Department of Public Health Sciences, Medical University of South Carolina, Charleston, SC, USA.
School of Pharmacy, Sungkyunkwan University, Suwon, Republic of Korea.
BMC Bioinformatics. 2020 Oct 2;21(1):432. doi: 10.1186/s12859-020-03756-3.
In systems biology, it is of great interest to identify previously unreported associations between genes. Recently, biomedical literature has been considered as a valuable resource for this purpose. While classical clustering algorithms have popularly been used to investigate associations among genes, they are not tuned for the literature mining data and are also based on strong assumptions, which are often violated in this type of data. For example, these approaches often assume homogeneity and independence among observations. However, these assumptions are often violated due to both redundancies in functional descriptions and biological functions shared among genes. Latent block models can be alternatives in this case but they also often show suboptimal performances, especially when signals are weak. In addition, they do not allow to utilize valuable prior biological knowledge, such as those available in existing databases.

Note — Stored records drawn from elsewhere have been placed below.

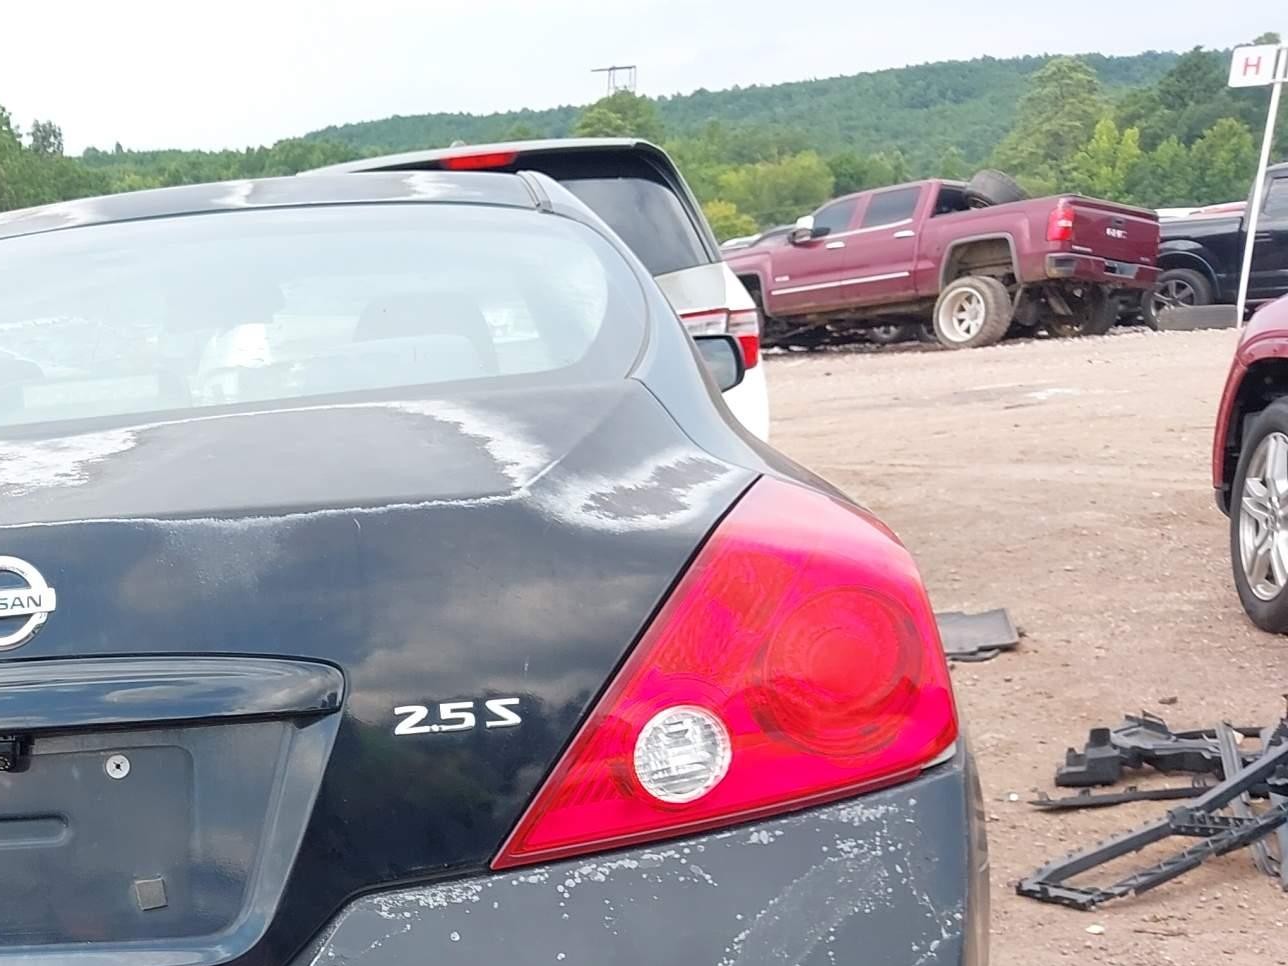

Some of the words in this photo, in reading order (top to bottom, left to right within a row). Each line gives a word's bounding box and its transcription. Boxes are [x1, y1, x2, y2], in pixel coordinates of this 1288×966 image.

[1243, 57, 1262, 76] H
[394, 701, 476, 736] 2.5
[485, 697, 523, 729] S
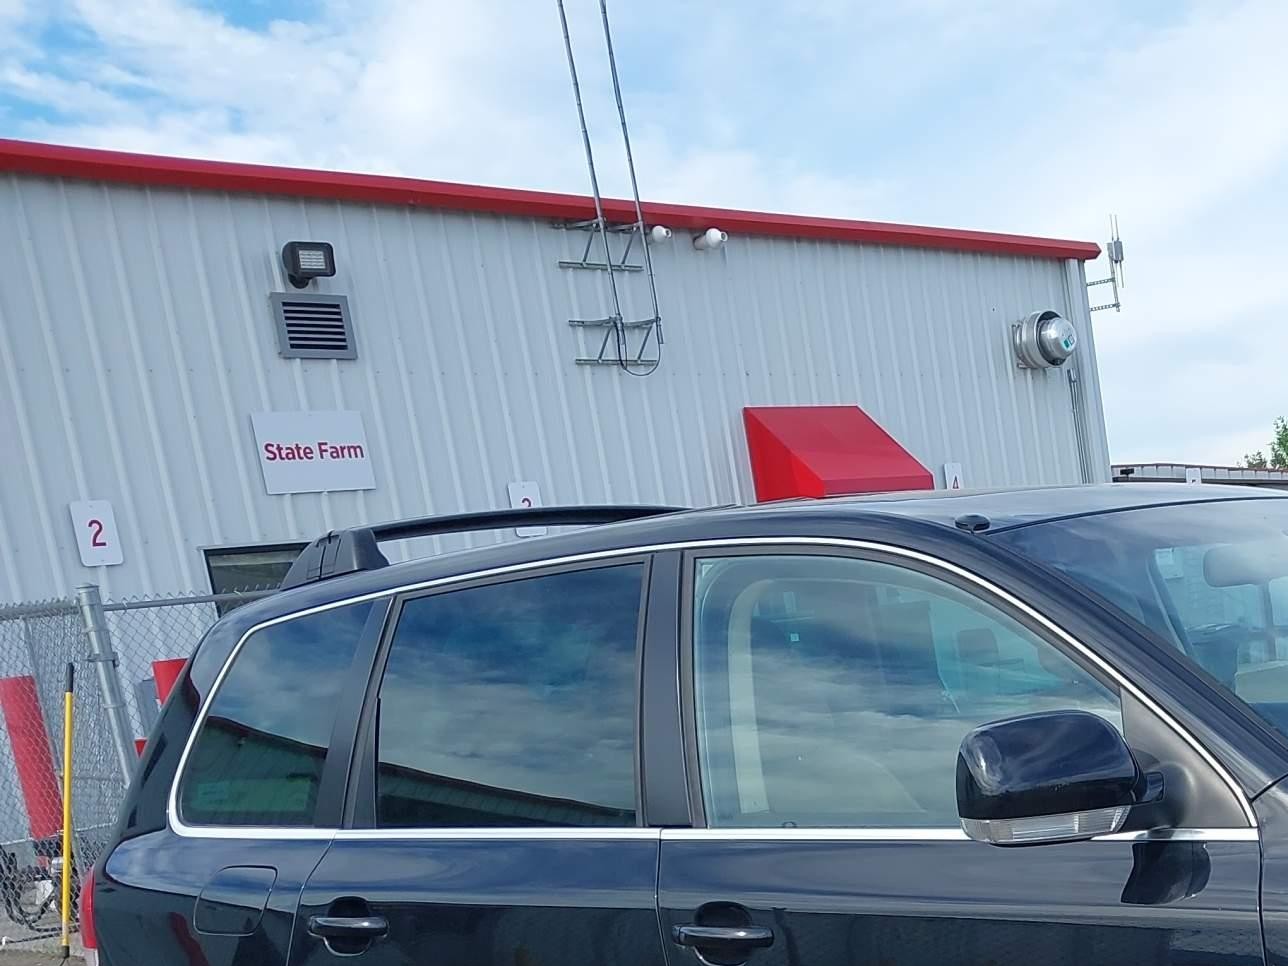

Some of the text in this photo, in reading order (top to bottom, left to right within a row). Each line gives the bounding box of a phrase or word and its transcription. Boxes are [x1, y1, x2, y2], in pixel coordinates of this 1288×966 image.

[264, 441, 365, 461] State Farm
[87, 519, 107, 547] 2

In order to address these limitations, here we propose PALMER, a constrained latent block model that allows to identify indirect relationships among genes based on the biomedical literature mining data. By automatically associating relevant Gene Ontology terms, PALMER facilitates biological interpretation of novel findings without laborious downstream analyses. PALMER also allows researchers to utilize prior biological knowledge about known gene-pathway relationships to guide identification of gene-gene associations. We evaluated PALMER with simulation studies and applications to studies of pathway-modulating genes relevant to cancer signaling pathways, while utilizing biological pathway annotations available in the KEGG database as prior knowledge.

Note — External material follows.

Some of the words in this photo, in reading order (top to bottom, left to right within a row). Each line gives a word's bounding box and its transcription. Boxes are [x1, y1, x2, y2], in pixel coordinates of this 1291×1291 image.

We showed that PALMER outperforms traditional latent block models and it provides reliable identification of novel gene-gene associations by utilizing prior biological knowledge, especially when signals are weak in the biomedical literature mining dataset. We believe that PALMER and its relevant user-friendly software will be powerful tools that can be used to improve existing pathway annotations and identify novel pathway-modulating genes.
在系统生物学中,识别基因之间以前未报告的关联具有重要意义。最近,生物医学文献已被视为实现这一目标的有价值资源。虽然经典聚类算法已被广泛用于研究基因之间的关联,但它们不针对文献挖掘数据进行调整,并且基于强烈的假设,而这些假设在这种类型的数据中经常被违反。例如,这些方法通常假设观察值之间具有同质性和独立性。然而,由于功能描述和基因之间共享的生物学功能的冗余,这些假设经常被违反。潜在块模型在这种情况下可以作为替代方案,但它们的性能也往往不理想,尤其是在信号较弱时。此外,它们不允许利用现有数据库中提供的有价值的先验生物学知识。
为了解决这些限制,我们在这里提出了 PALMER,这是一种受限的潜在块模型,允许根据生物医学文献挖掘数据识别基因之间的间接关系。通过自动关联相关的基因本体论术语,PALMER 便于在没有繁琐的下游分析的情况下对新发现进行生物学解释。PALMER 还允许研究人员利用已知基因-途径关系的先验生物学知识来指导基因-基因关联的识别。我们使用模拟研究和对与癌症信号通路相关的通路调节基因的研究来评估 PALMER,同时利用 KEGG 数据库中可用的生物学途径注释作为先验知识。
我们表明,PALMER 优于传统的潜在块模型,并且通过利用先验生物学知识,特别是在生物医学文献挖掘数据集信号较弱时,它可以可靠地识别新的基因-基因关联。我们相信 PALMER 及其相关的用户友好型软件将成为强大的工具,可以用于改进现有的途径注释并识别新的途径调节基因。